Work instructions - Each record needs to be transcribed word for word, though without its pictures.

(Free-text object descriptions)
=== Begin Enclosure ===

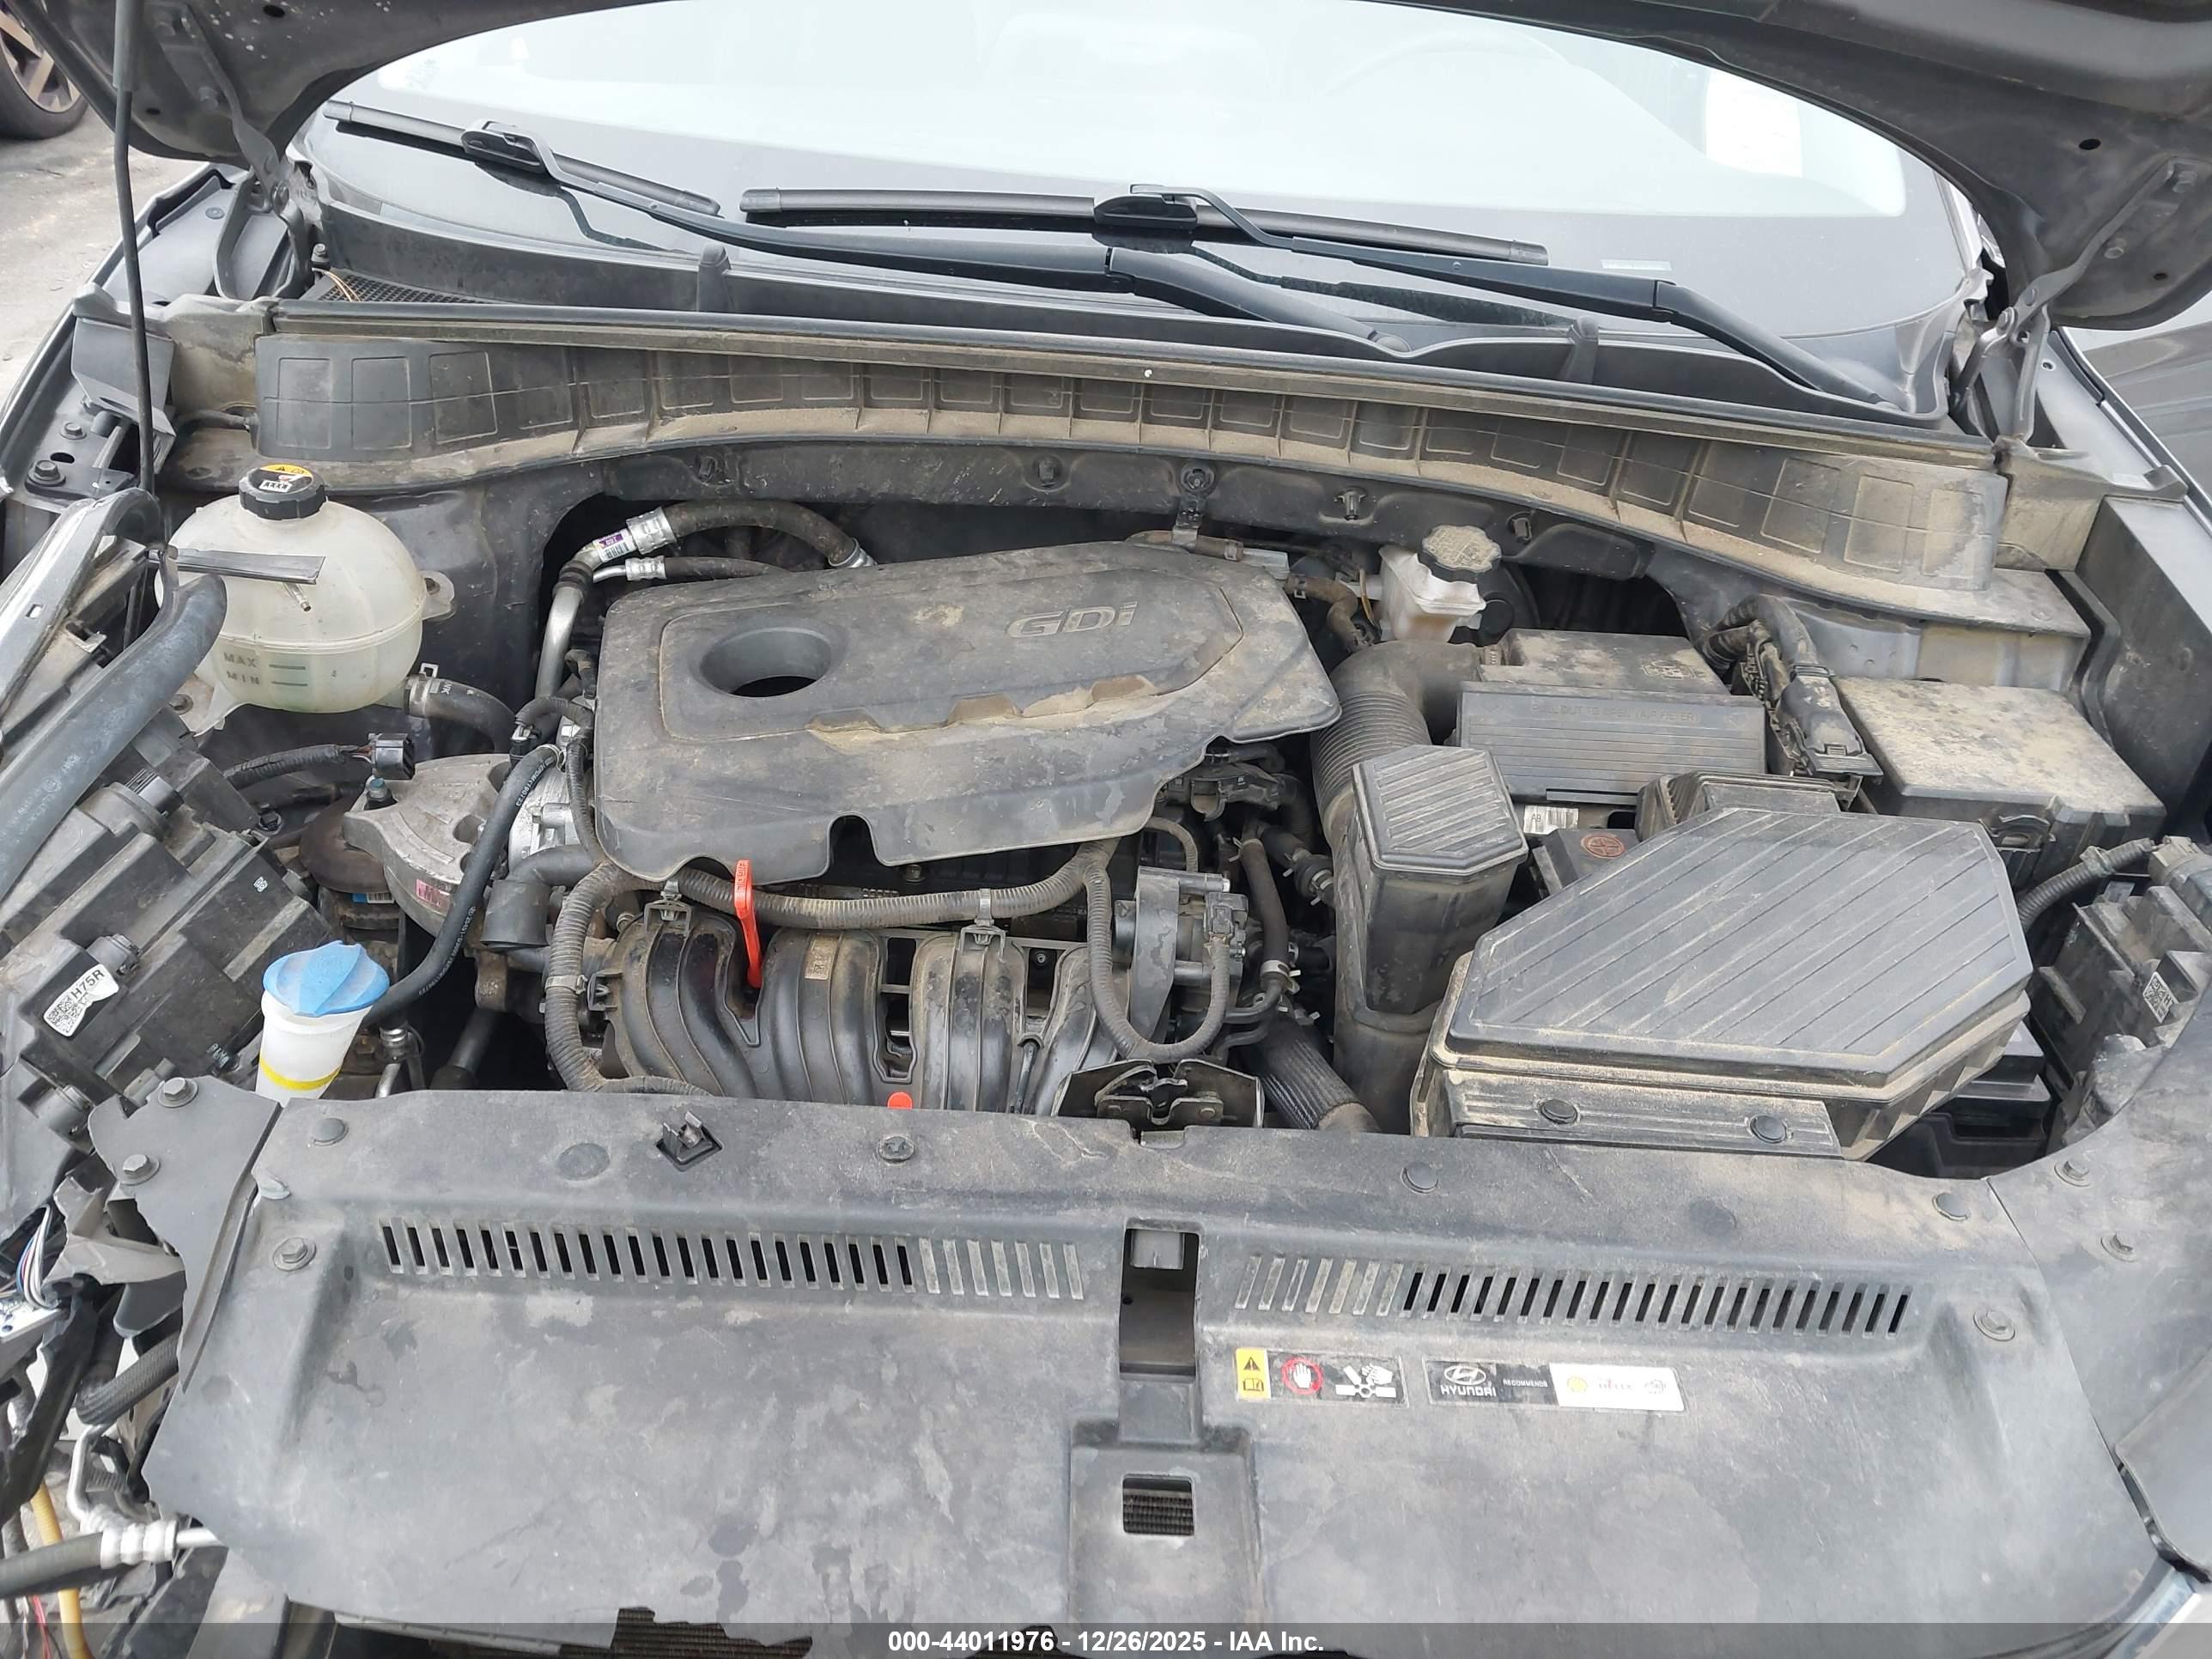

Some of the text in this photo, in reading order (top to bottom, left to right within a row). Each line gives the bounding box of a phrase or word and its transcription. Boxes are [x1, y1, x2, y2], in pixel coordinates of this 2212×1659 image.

[1006, 601, 1138, 638] GDi
[223, 653, 257, 668] MAX
[226, 671, 259, 685] MIN
[70, 969, 105, 1000] H75R
[1440, 1384, 1497, 1397] HYUNDAI

=== End Enclosure ===

Response below -
Some of the text in this photo, in reading order (top to bottom, left to right within a row). Each line gives the bounding box of a phrase or word and its transcription. Boxes are [x1, y1, x2, y2], in pixel coordinates of this 2212×1659 image.

[1006, 601, 1138, 638] GDi
[223, 653, 257, 668] MAX
[226, 671, 259, 685] MIN
[70, 969, 105, 1000] H75R
[1440, 1384, 1497, 1397] HYUNDAI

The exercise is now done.